Posted on 18 April 2010 by alejandro


Magdaleno Castañeda

On April 3 National Boricua Human Rights Network (NBHRN) hosted “Jornada 360: A Commemoration of 360 Months of Incarceration and a Celebration of Resistance,” which brought people of all ages from both the community and beyond to recognize the activism and resistance of the Puerto Rican political prisoners and those who have worked towards their release. The event, which was held at Batey Urbano, showcased art work by the political prisoners and literature about their case which comprised an exhibition that covered every inch of the walls inside the Batey.

The event included reflections by former prisoners Alicia Rodríguez, Luis Rosa and Ricardo Jiménez, as well as family members of the prisoners and lawyers who have dedicated themselves to defending the release of the political prisoners, including Jan Susler. This celebration also served to continue raising awareness and support for Oscar López Rivera and Carlos Alberto Torres, who have spent 30 years in prison making them two of the longest held political prisoners in the world.

“Jornada 360” began with Michelle Morales, coordinator of NBHRN, welcoming the audience and introducing former political prisoner Alicia Rodríguez. “It’s good to be here and look at the faces of people that challenge the system,” said Rodríguez. She added, “This is a moment to reflect and give gratitude to all those years of struggle.” Rodríguez congratulated the community for “flourishing and expressing the spirit of Oscar and Alberto,” and noted that her ability to be physically present at the event was a testament to the tenacity of the campaign to free the prisoners. Before ending her reflection, Rodríguez addressed the youth in the audience. “When there is nobody to turn to, you must turn to yourself,” she said. “The ability to endure needs to be passed on to the next generation.” 

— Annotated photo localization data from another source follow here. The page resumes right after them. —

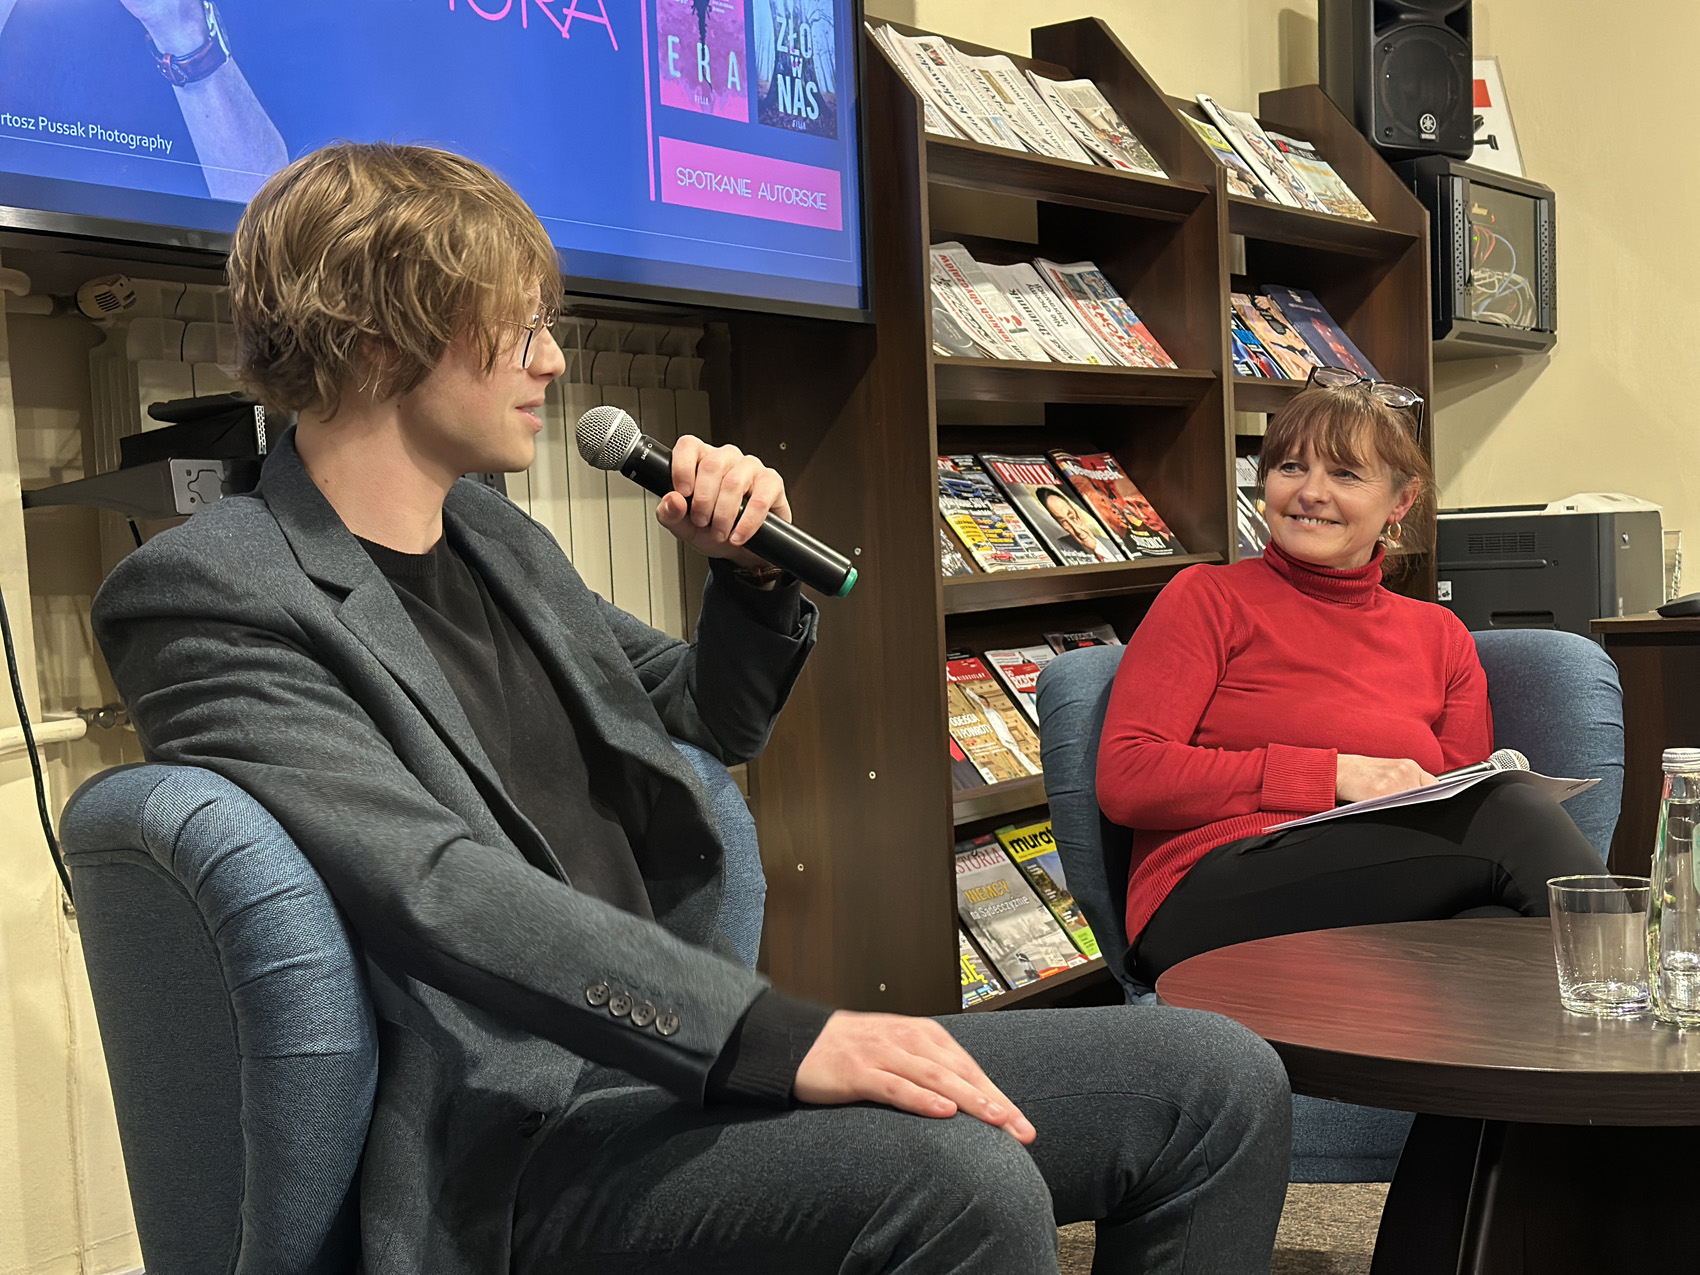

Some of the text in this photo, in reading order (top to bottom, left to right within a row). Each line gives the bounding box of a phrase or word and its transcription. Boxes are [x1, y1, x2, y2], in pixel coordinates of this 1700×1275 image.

[776, 16, 813, 59] ZŁO
[667, 35, 741, 91] ERA
[915, 53, 968, 115] Krakowska
[777, 74, 820, 120] NAS
[1023, 101, 1044, 127] kontra
[0, 112, 173, 154] rtosz Pussak Photography
[676, 167, 827, 211] SPOTKANIE AUTORSKIE
[938, 254, 983, 306] obyczajów
[980, 307, 1013, 343] lekkich
[1008, 287, 1053, 336] Dziennik
[1026, 283, 1063, 328] Nie chcemy
[1034, 283, 1069, 325] deprawacji
[994, 462, 1060, 485] POLITYKA
[959, 724, 993, 739] POWROTY
[955, 847, 1006, 875] STORIA
[964, 880, 1010, 904] NIEMCY
[970, 911, 981, 921] na
[979, 895, 1031, 919] Sądecczyźnie

Luis Rosa was the second former prisoner onstage and in his reflection he acknowledged all the support received by family and friends. “Sometimes we get credit for a lot of things, but there are people who do not get credit and they carry the same burden and do time with us,” he said. Rosa also applauded the community for continuing the legacy of the political prisoners. “It pleases me to see young faces here. If anything guarantees that we will be here tomorrow, it’s you.”

Ricardo Jiménez was the last former political prisoner presented onstage after being “symbolically released,” as Michelle Morales stated, from a of a prison cell located in front of the Batey. Jiménez was the last of 15 individuals who spent 24 hours in the prison cell in solidarity with Carlos Alberto Torres and Oscar López Rivera. Jiménez thanked everyone for supporting the campaign, in particular the Puerto Rican Cultural Center Executive Director José López and Dr. Pedro Albizu Campos Puerto Rican High School Principal Matthew Rodríguez. Following Jiménez’s reflection the audience sang happy birthday to Jiménez, who was presented with three birthday cakes.

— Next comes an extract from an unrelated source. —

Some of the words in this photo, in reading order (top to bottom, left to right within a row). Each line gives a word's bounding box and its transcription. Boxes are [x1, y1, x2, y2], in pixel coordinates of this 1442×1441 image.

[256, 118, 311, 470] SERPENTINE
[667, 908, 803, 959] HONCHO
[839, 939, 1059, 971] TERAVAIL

López was next onstage and he invoked the presence of his mother and brother Oscar López Rivera in awarding original silk screens from several of the prisoners to community leaders Irma Romero, Michelle Morales, Alejandro Molina and Jaime Delgado in gratitude for their commitment to the campaign to free the political prisoners and their dedication to the Humboldt Park community. The recipients were both surprised and thankful for receiving the beautiful artwork. Regarding the campaign López said, “These 30 years have been of continuous work without a day of rest.” “Jornada 360” was a well deserved celebration of these three decades of sacrifice and resistance, and also served as motivation to keep on working for the release of Oscar and Carlos Alberto because as López said, “To be fully human, is to be fully free.”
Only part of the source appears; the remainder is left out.